Manufacturers Struggle with Multiple Global Challenges
A broad group of global manufacturers in diverse markets from Ford to Samsung have seen their inventory levels swell as consumer demand weakens in the wake of surging inflation and destabilizing economic conditions, according to a new analysis by the Nikkei. According to their research, global manufacturing inventories have swelled to $1.8 trillion, a record total that is the highest measured manufacturing inventory level in the last ten years.
Learn more about rising manufacturing inventory levels
Strata-gee reported a couple of weeks ago that Samsung had cut its procurement processes in the face of slackening consumer demand and rising inventory levels. This was a surprising turn of events from a company that had for the last year-and-a-half or so been scrambling to fill surging consumer demand during the COVID-19 lockdowns of 2020 and 2021.
Now I have discovered a new research report documenting this rising inventory issue as a global phenomenon. The Nikkei studied data covering 2,239 global manufacturing companies and discovered that their inventory levels have recently begun building to record levels, a troubling sign of potential economic turmoil to come.
A $97 Billion Surge
According to the report, manufacturing inventory levels surged an astonishing $97 billion in just the last 90-days. With this surge, total manufacturing inventories were driven to a collective total of $1.8 trillion. Not only is that figure the highest level of manufacturing inventory in the last 10 years, but it is also greater than the total GDP of South Korea and Canada. And this inventory surge is happening at a time when most economists believe we are staring down the barrel of an economic slowdown…if not an outright recession.
While slackening demand was one factor mentioned for the buildup, other factors also contributed, according to the Nikkei report. For example, some companies have experienced inventory increases as a result of supply chain-related transportation issues. Others have intentionally built up inventory, stocking their warehouses to guard against future potential shortages. Also, some companies had built up inventory in anticipation of a continuing increase in consumer demand – such as from economies reopening after COVID disruptions.

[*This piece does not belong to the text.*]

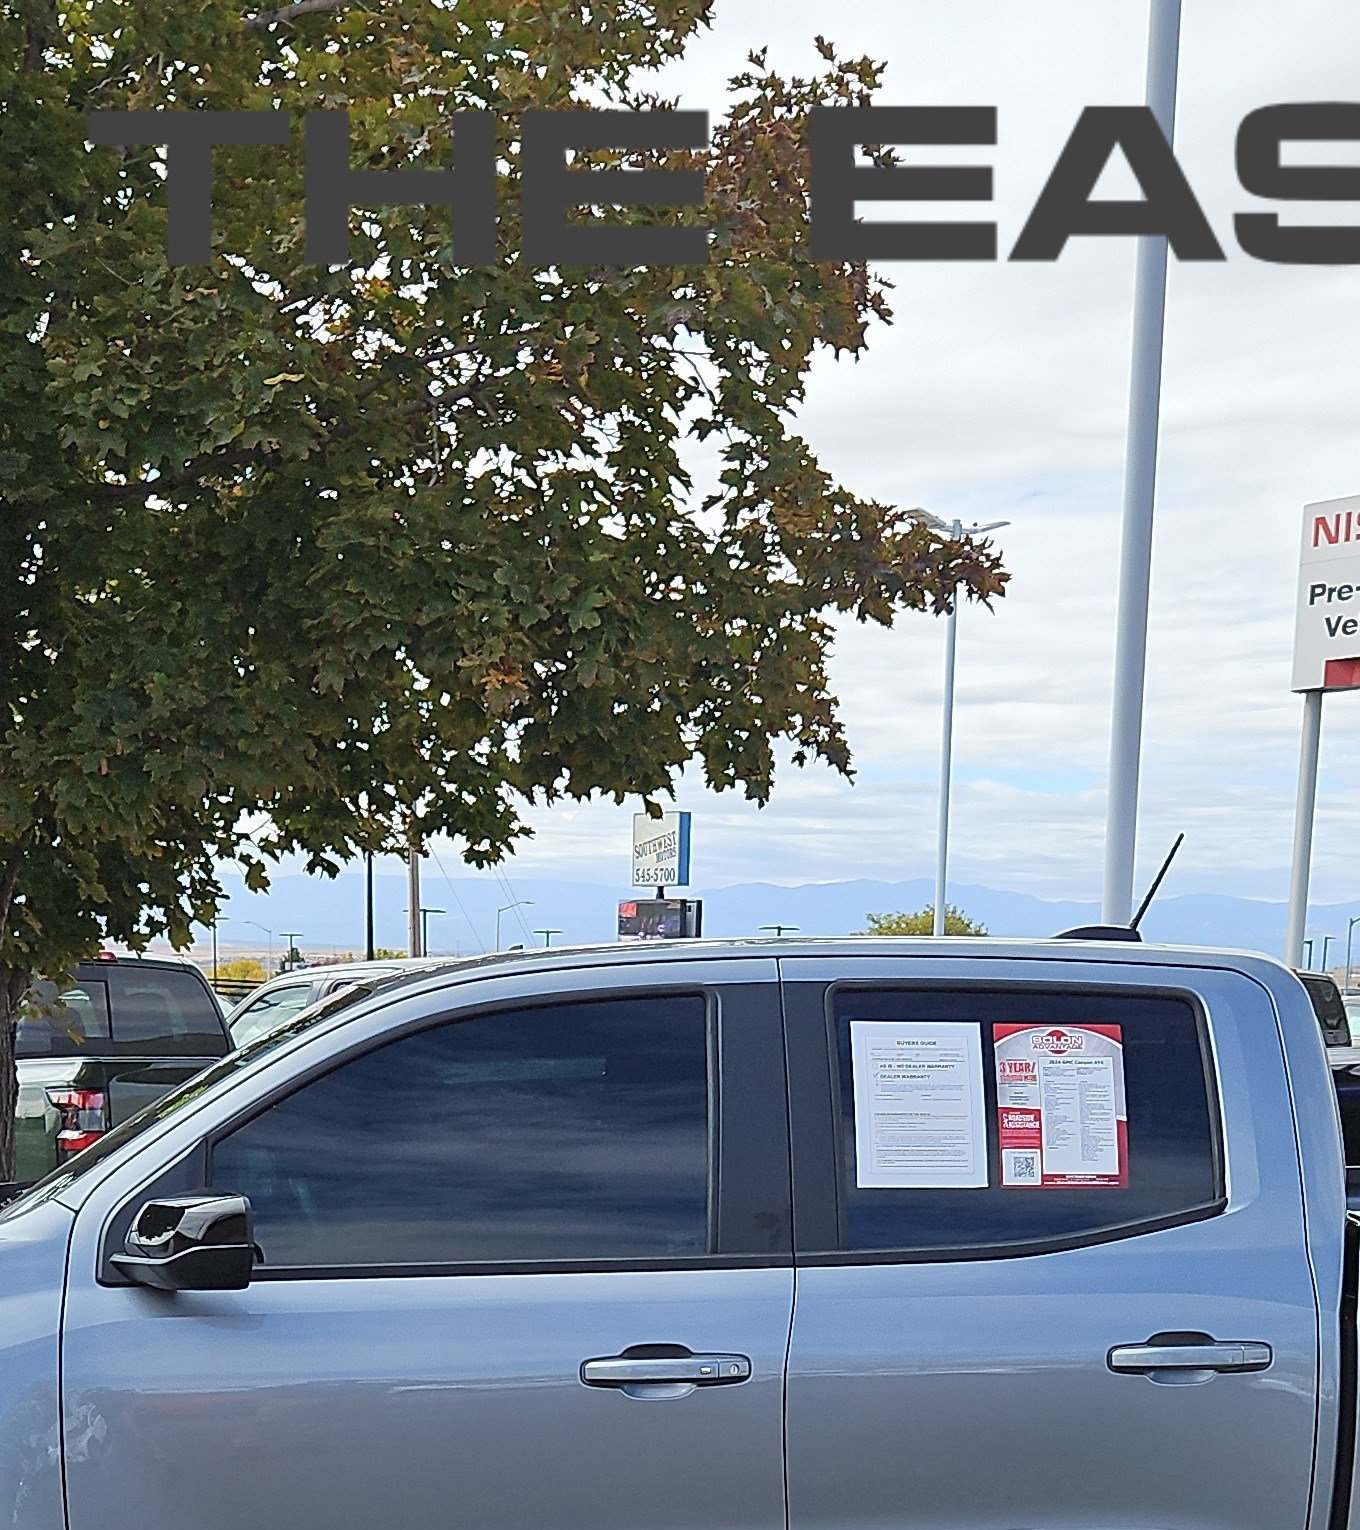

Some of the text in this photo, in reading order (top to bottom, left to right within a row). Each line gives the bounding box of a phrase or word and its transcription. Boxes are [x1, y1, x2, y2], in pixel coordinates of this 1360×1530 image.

[634, 830, 677, 860] SOUTHWEST
[634, 867, 676, 883] 545-5700
[1032, 1035, 1083, 1045] SOLON
[1007, 1062, 1036, 1073] YEAR/

All 12 Manufacturing Sectors Had Inventories Increase
A buildup of inventory raises the specter of manufacturers being forced to cut production, shutter factories, and lay off employees. Actions such as these could serve to “exacerbate an economic deceleration that is already underway,” the Nikkei noted.
Their report tracked 12 different manufacturing sectors, all of which registered an increase in inventory. However, just 3 sectors were responsible for more than 60% of the total inventory build. These sectors were electronics, automobiles, and machinery.
Electronics Hit the Hardest
Electronics, in particular, saw the biggest increase, with inventory increasing by $26.7 billion, or 6%, to a total carried inventory of $457 billion. As far as inventory type – the biggest gains were in raw materials and work-in-process inventory.
The report identified a few of the key players impacted by softening sales leading to increased inventory.
- Samsung Electronics – Samsung reported flat first quarter sales and a 13% increase in inventory. While the company has yet to announce any production cutbacks, it has cut its procurement and asked suppliers to delay orders and hold back on parts shipments, as I reported a couple of weeks ago.
- ASUS – Taiwanese computer maker Asus reported a first quarter sales decline of 9% which led to an increase in inventory of 18%. The company says sales in Europe, in particular, have been impacted by the war in Ukraine.
- Ford Motor Company – Ford saw first quarter sales drop 8% and a concerning increase in inventory of 21%. The company’s inventory grew $14.8 billion in the quarter and now stands at $273 billion – its highest level of inventory in 25 years, according to the report. And sitting in that inventory is 53,000 vehicles they are unable to complete due to the global chip shortage. The company’s CFO says this inventory buildup is hurting the company’s cash flow.
- Mercedes-Benz – Mercedes CFO Harald Wilhelm told the Nikkei that they too are experiencing a buildup of unfinished cars due to a “lack of components.” He also says the company is finding business in Europe difficult due to shipping problems “amid the Ukraine crisis.” The company is struggling to rework forecasts with any degree of accuracy amid such global uncertainty.
Cash Cushion Helps, But Situation Could Change Quickly
The report concludes by noting that – at this point – manufacturers are still in a good cash position and therefore not in any immediate danger. But this can change quickly if the economy continues to deteriorate. Some economists are concerned the U.S. economy is nearing a tipping point which could lead to a recession in late 2022 or early 2023.
Should a recession happen, that could change everything.